2006-11-02 16:45:54 · answer #1 · answered by kiwi 3 · 1 2

See you can divide Meiosis into Meiosis 1 and Meiosis 2 .

The first phase is of reductional division that is the chromosome numbers halve basides the basic process of crossing over.so here the chromosome number halves to 23.
The phase 2 is much like mitosis involving division such that the chromosome number remains the same.
But mind you , in females its like meiosis starts when the girl is in mothers womb only and it stops before birth itself and all the ovaries which will ever be produced are already made.These are arrested in metaphase and released after 28 days approximately and resume division once the Sperms are received. then the normal division using mitosis gives the original organism and diploid condition is restored .
Also in females only one of the two cells are made after meiosis one survives while the secondary oocyte does not develop any further.
In males the process is simple (the one you have stated in the question.)i.e. all four cells proceed for further maturation.
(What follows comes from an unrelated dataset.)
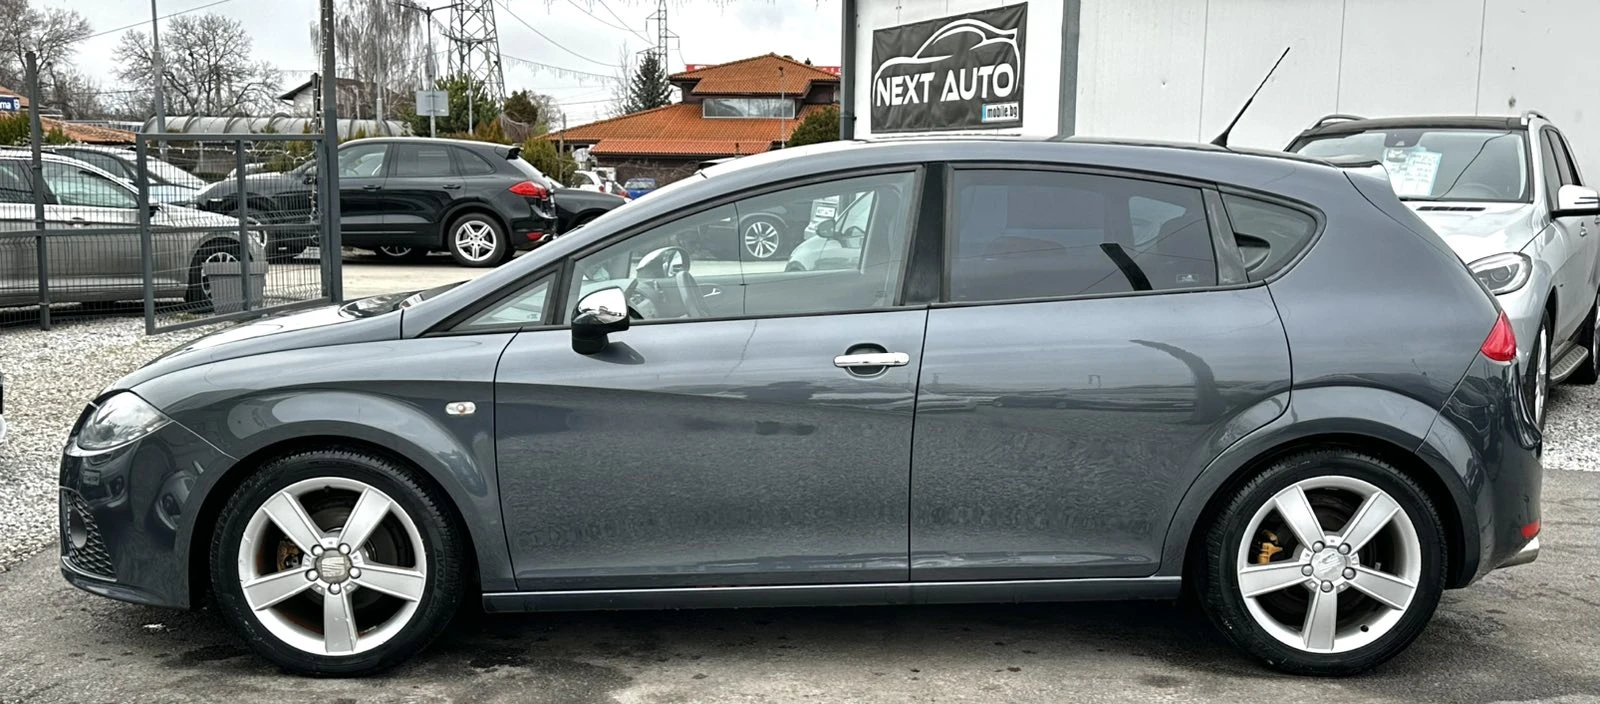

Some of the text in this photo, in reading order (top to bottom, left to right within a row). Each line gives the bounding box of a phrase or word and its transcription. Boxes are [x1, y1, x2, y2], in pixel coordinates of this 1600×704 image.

[877, 63, 1014, 107] NEXT AUTO
[987, 105, 1017, 118] mobile.bg
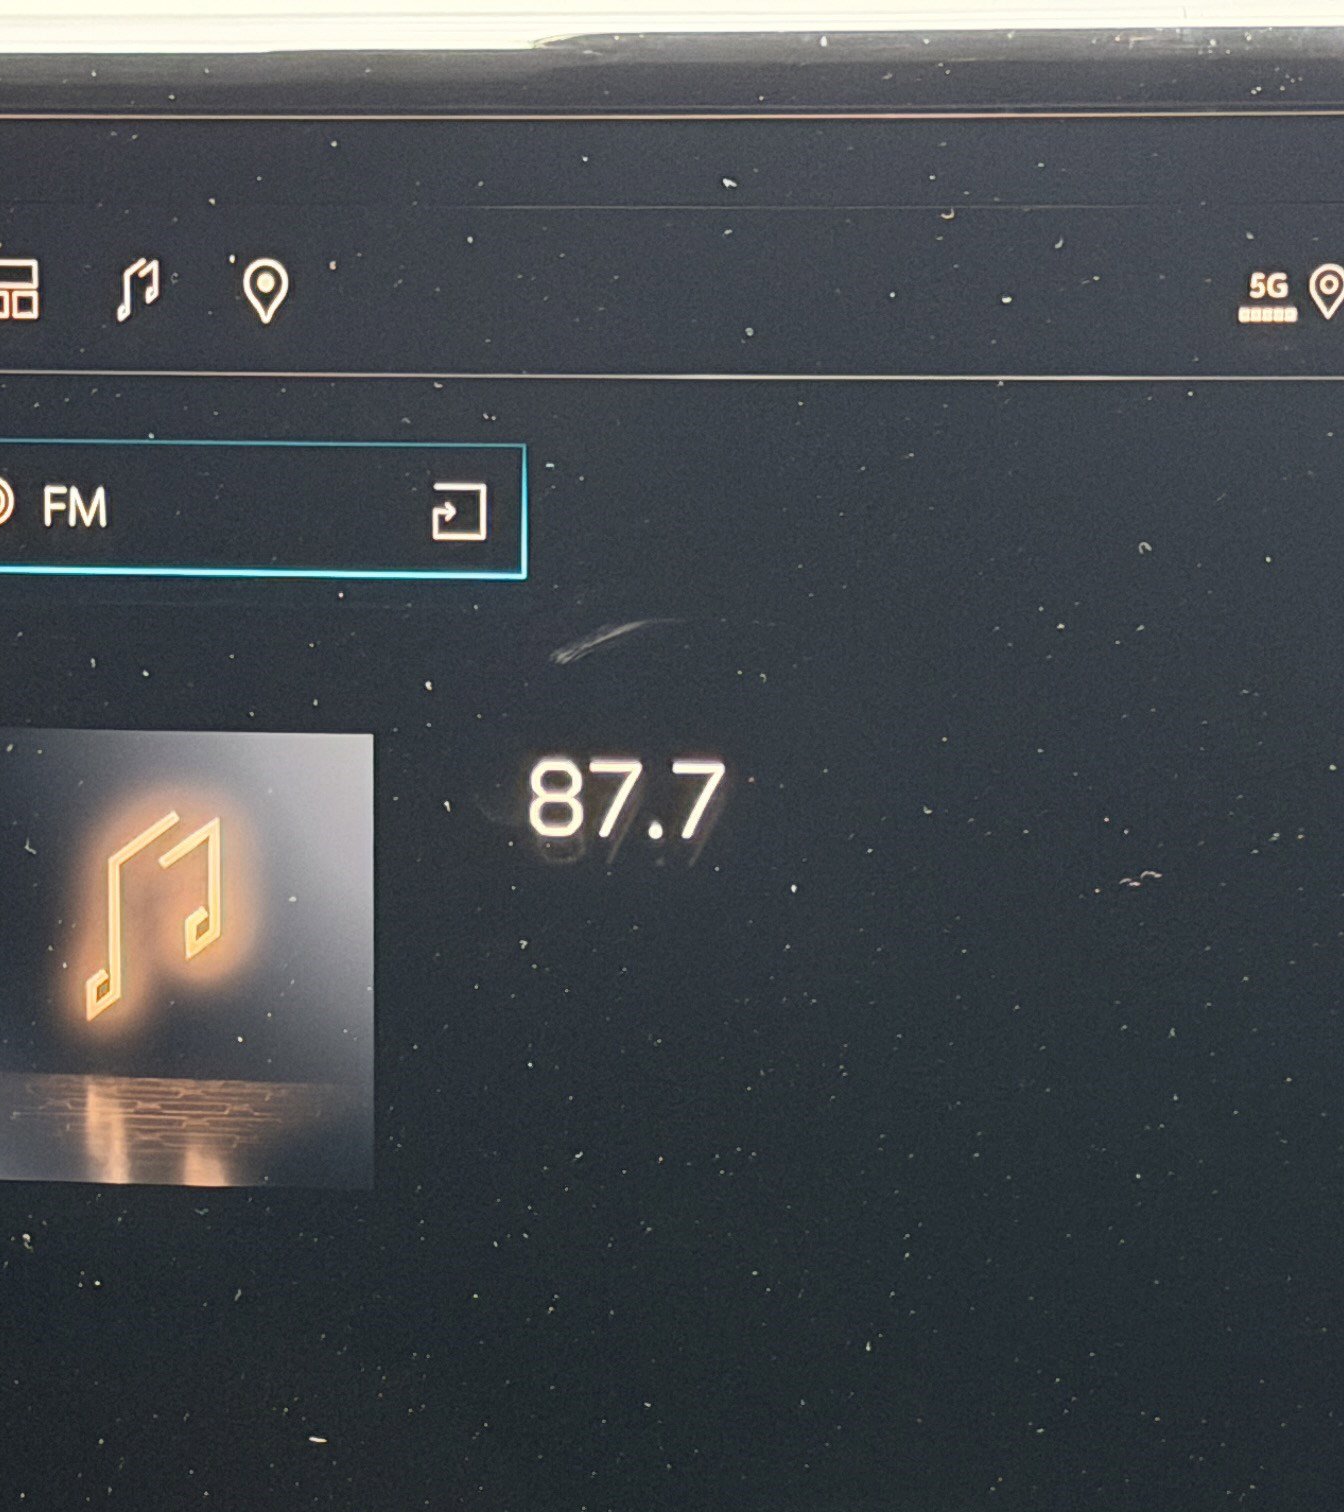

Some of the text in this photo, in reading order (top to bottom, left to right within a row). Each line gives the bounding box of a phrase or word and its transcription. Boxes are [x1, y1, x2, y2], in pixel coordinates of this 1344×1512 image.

2006-11-02 17:06:37 · answer #2 · answered by Dvidid/0 2 · 0 0

The original cells that gametes are made from after meiosis are a bunch of semi specific 46 chromosomes stem cells that can give rise to gametes. Each meiosis starts with one of those 46 chromosomes stem cells and produce 4, haploid gamet cells. Once a gamet is formed it can't go through any meiosis (or mitosis) until it has fused with another gamete cell, from the opposite sex and formed a zygote.

2006-11-02 16:48:04 · answer #3 · answered by smarties 6 · 0 0

They are processes of cell division. I'm studying it too, hope this helps: Interphase the the busiest phase where the cell copies its DNA and gets ready for cell division of mitosis or meiosis (and before mitosis starts). In mitosis the phases go as follows: 1.)prophase 2.)metaphase 3.)anaphase and 4.)telophase In meiosis the phases go as follows: 1.)interphase 2.)prophase I 3.)metaphase I 4.)anaphase I 5.)telophase I 6.)prophase II 7.)metaphase II 8.)anaphase II and 9.)telophase II....1.) to 5.) are the 1st part of meiosis called Meiosis I and 6.) to 9.) are the second part called Meiosis II.

2016-03-19 03:00:46 · answer #4 · answered by Anonymous · 0 0

A normal cell starts with 46 chromosomes.
Before Meiosis begins the cell goes through replication and now has 92 chromosomes.
During Meiosis I there is recombinations and such and the cell divides into two cells with 46 chromosomes each. Then during Meiosis II the cell divides again without replicating its DNA so each gamete ends up with 23 chromosomes.

2006-11-02 16:47:15 · answer #5 · answered by munkmunk17 2 · 0 2

At the beginning of meiosis the process is much like mitosis in that the chromsomes replicate like they will form two diploid cells. Then there is enough genetic material to form 4 haploid cells.